SUPPLIED RECORDS:

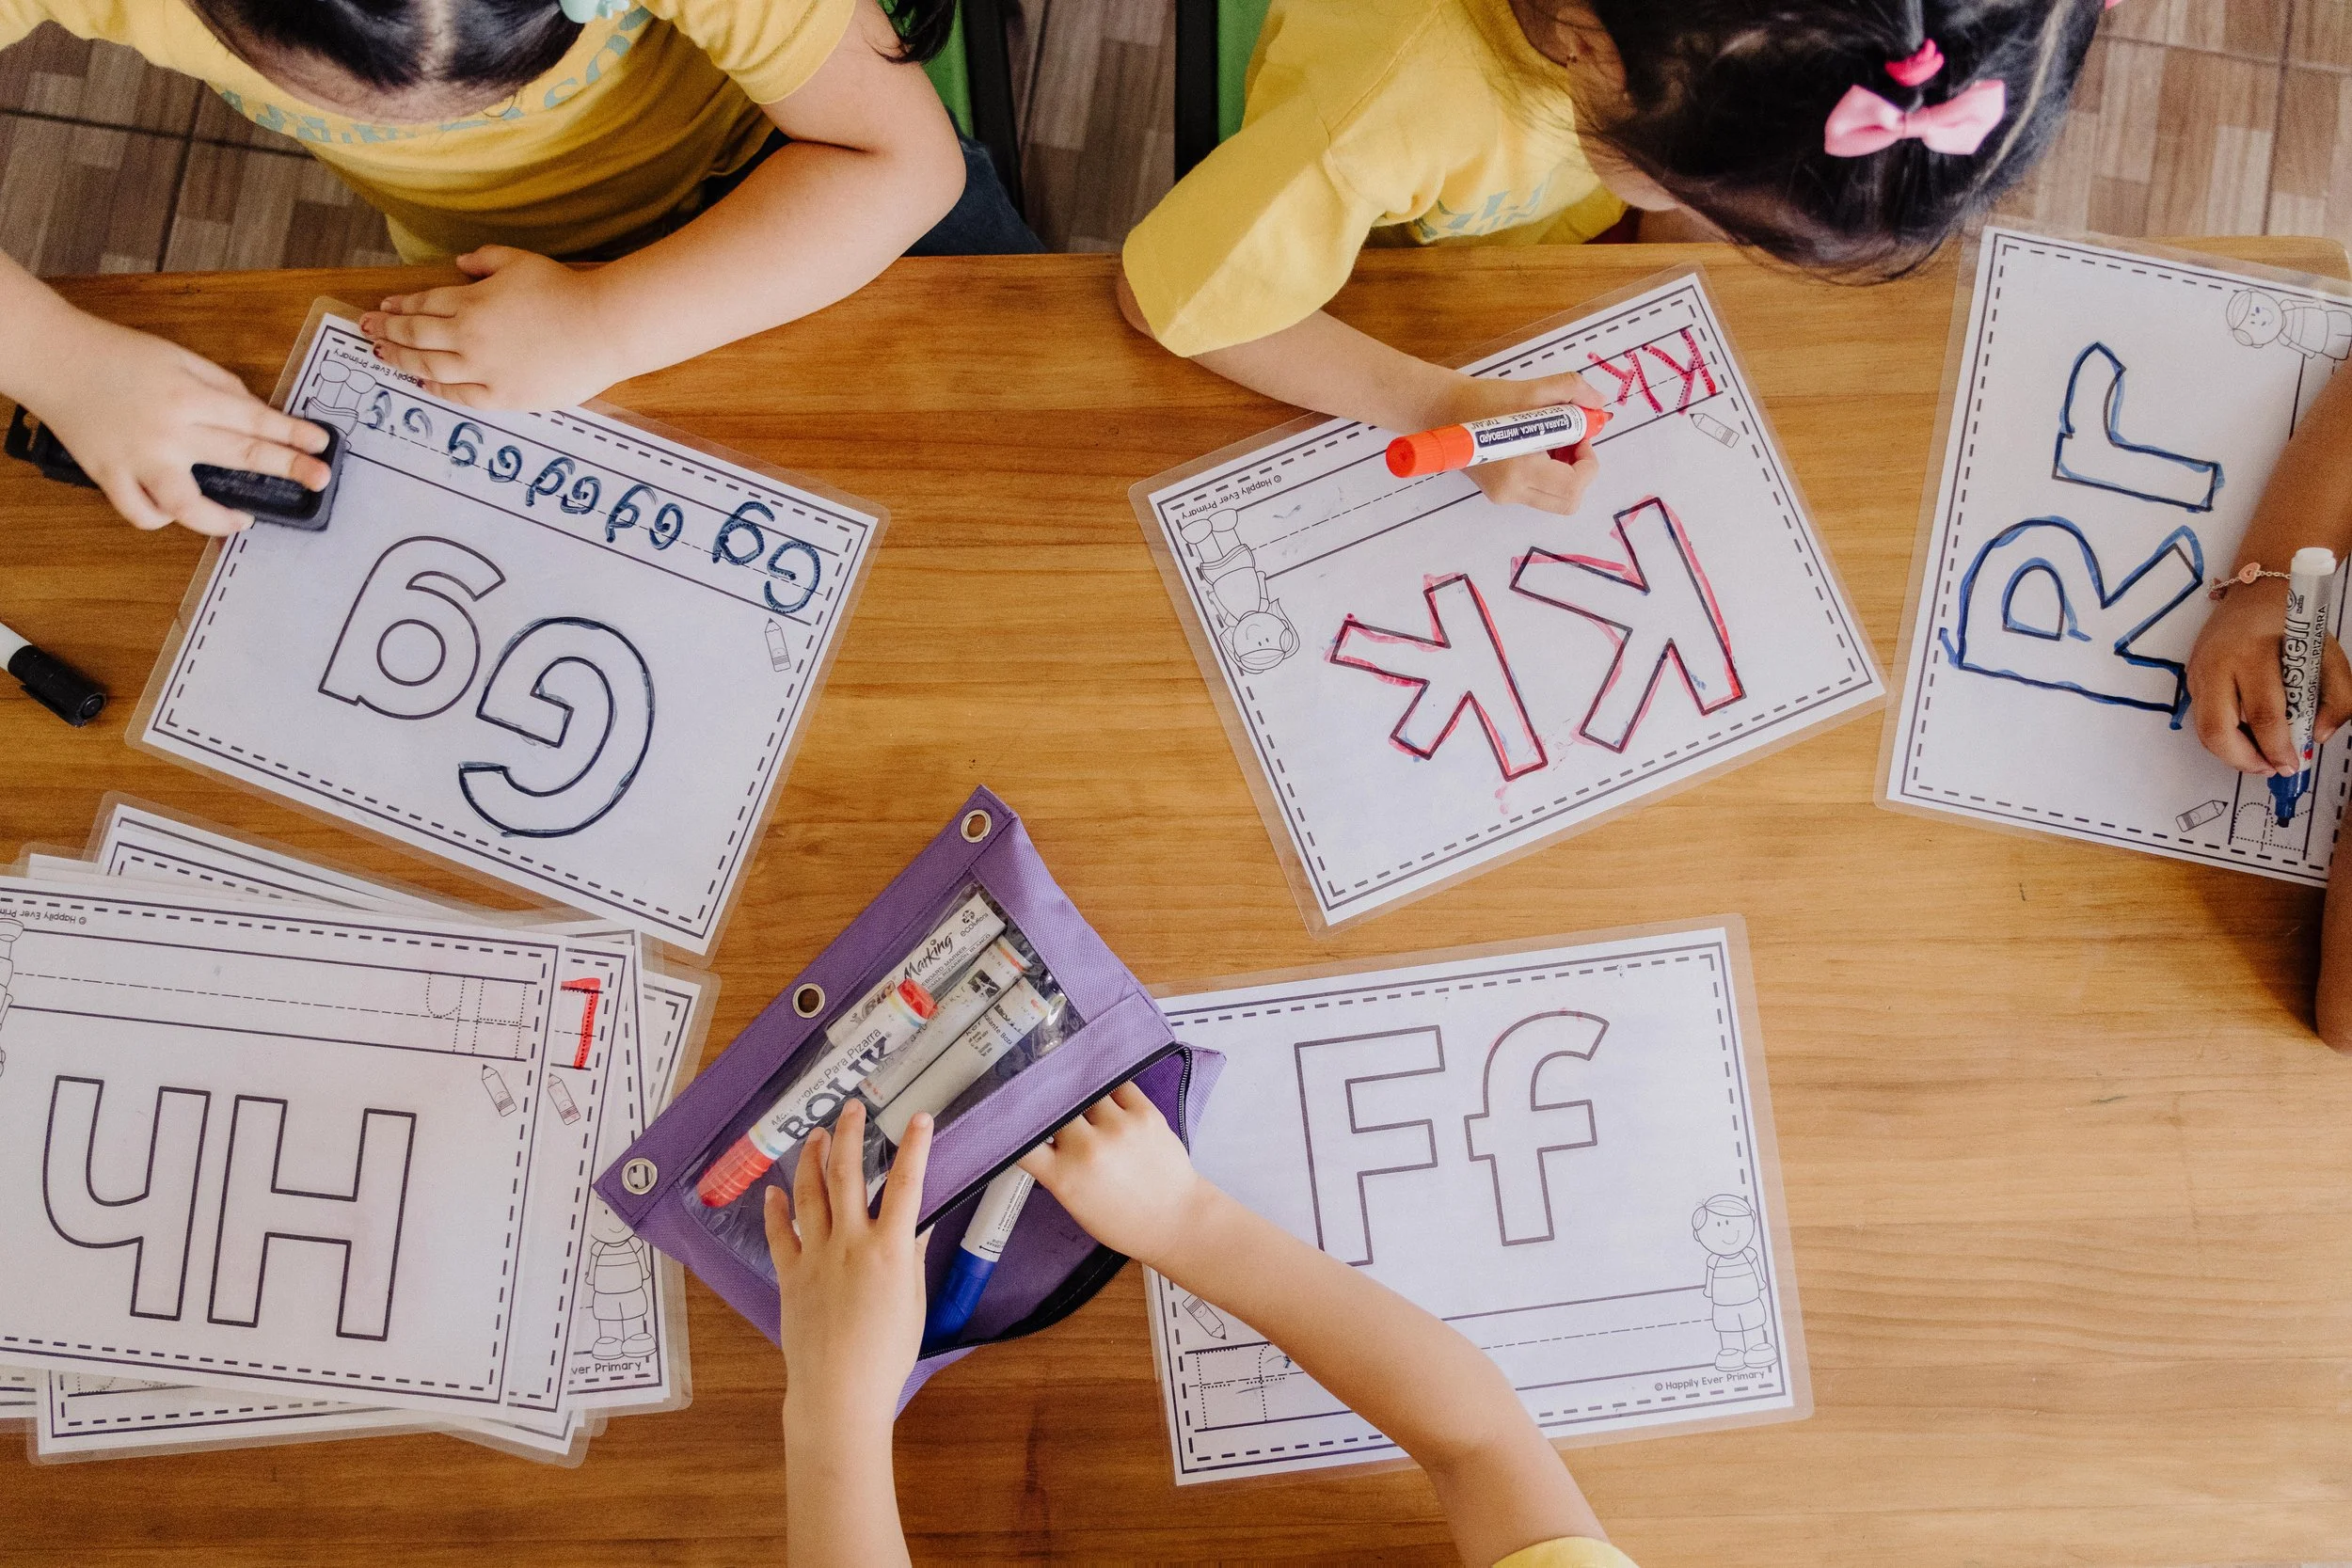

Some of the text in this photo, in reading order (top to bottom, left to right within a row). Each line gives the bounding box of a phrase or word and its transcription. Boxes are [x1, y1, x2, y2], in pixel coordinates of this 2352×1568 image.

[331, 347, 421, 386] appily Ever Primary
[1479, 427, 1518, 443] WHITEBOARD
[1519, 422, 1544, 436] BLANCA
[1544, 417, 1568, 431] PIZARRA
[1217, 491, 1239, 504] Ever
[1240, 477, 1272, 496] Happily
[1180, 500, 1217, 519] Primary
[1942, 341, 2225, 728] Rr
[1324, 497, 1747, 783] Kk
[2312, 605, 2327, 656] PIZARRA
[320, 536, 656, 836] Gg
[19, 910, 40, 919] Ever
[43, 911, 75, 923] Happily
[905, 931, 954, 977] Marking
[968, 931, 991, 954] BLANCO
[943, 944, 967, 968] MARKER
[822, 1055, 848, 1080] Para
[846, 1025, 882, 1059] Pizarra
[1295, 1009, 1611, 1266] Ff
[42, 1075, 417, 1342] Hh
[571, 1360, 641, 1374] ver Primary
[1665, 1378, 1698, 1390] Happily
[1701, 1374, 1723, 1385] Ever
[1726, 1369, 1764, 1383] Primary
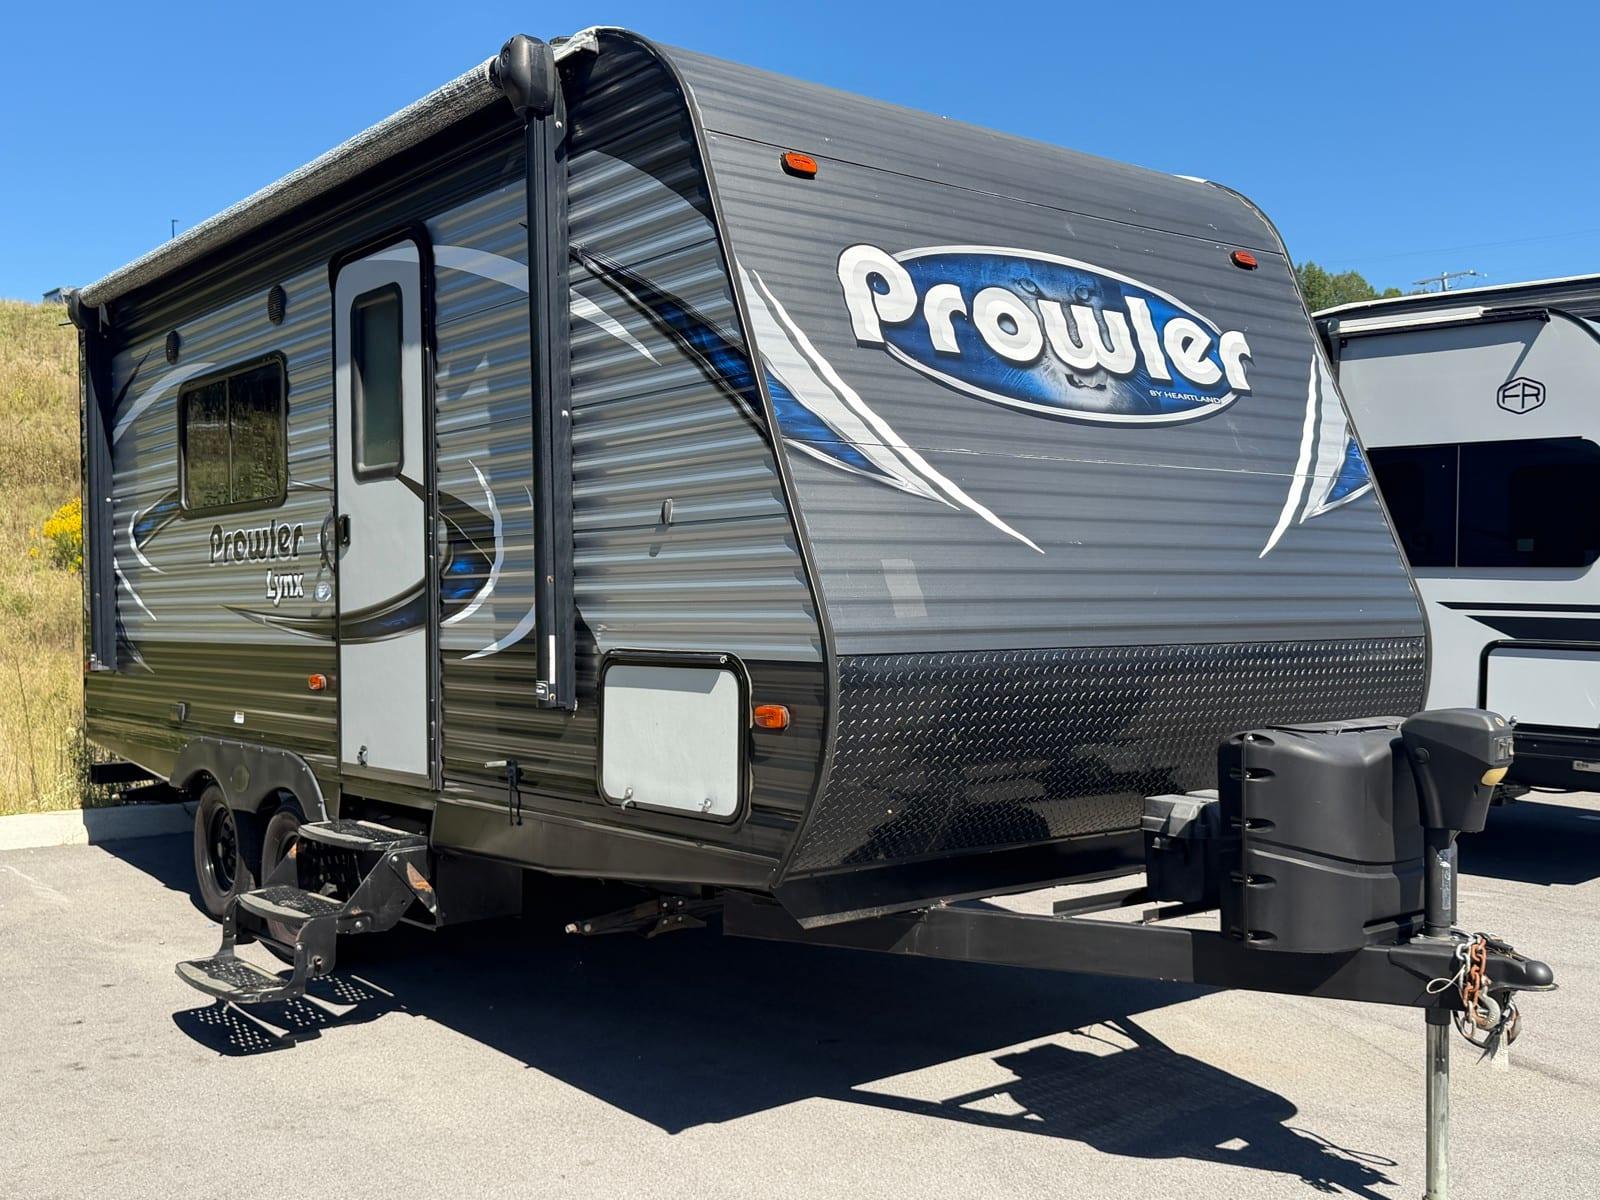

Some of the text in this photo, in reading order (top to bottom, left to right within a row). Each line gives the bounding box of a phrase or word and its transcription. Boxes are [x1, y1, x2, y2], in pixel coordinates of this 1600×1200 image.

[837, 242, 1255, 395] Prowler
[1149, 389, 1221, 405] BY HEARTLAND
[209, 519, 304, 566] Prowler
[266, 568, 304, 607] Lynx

BRIEF:
Print the listing verbatim; no pictures.

YOUR SOLUTION:
Some of the text in this photo, in reading order (top to bottom, left to right within a row). Each line gives the bounding box of a phrase or word and its transcription. Boxes are [x1, y1, x2, y2], in pixel coordinates of this 2352×1568 image.

[331, 347, 421, 386] appily Ever Primary
[1479, 427, 1518, 443] WHITEBOARD
[1519, 422, 1544, 436] BLANCA
[1544, 417, 1568, 431] PIZARRA
[1217, 491, 1239, 504] Ever
[1240, 477, 1272, 496] Happily
[1180, 500, 1217, 519] Primary
[1942, 341, 2225, 728] Rr
[1324, 497, 1747, 783] Kk
[2312, 605, 2327, 656] PIZARRA
[320, 536, 656, 836] Gg
[19, 910, 40, 919] Ever
[43, 911, 75, 923] Happily
[905, 931, 954, 977] Marking
[968, 931, 991, 954] BLANCO
[943, 944, 967, 968] MARKER
[822, 1055, 848, 1080] Para
[846, 1025, 882, 1059] Pizarra
[1295, 1009, 1611, 1266] Ff
[42, 1075, 417, 1342] Hh
[571, 1360, 641, 1374] ver Primary
[1665, 1378, 1698, 1390] Happily
[1701, 1374, 1723, 1385] Ever
[1726, 1369, 1764, 1383] Primary

Some of the text in this photo, in reading order (top to bottom, left to right within a row). Each line gives the bounding box of a phrase or word and its transcription. Boxes are [x1, y1, x2, y2], in pixel coordinates of this 1600×1200 image.

[837, 242, 1255, 395] Prowler
[1149, 389, 1221, 405] BY HEARTLAND
[209, 519, 304, 566] Prowler
[266, 568, 304, 607] Lynx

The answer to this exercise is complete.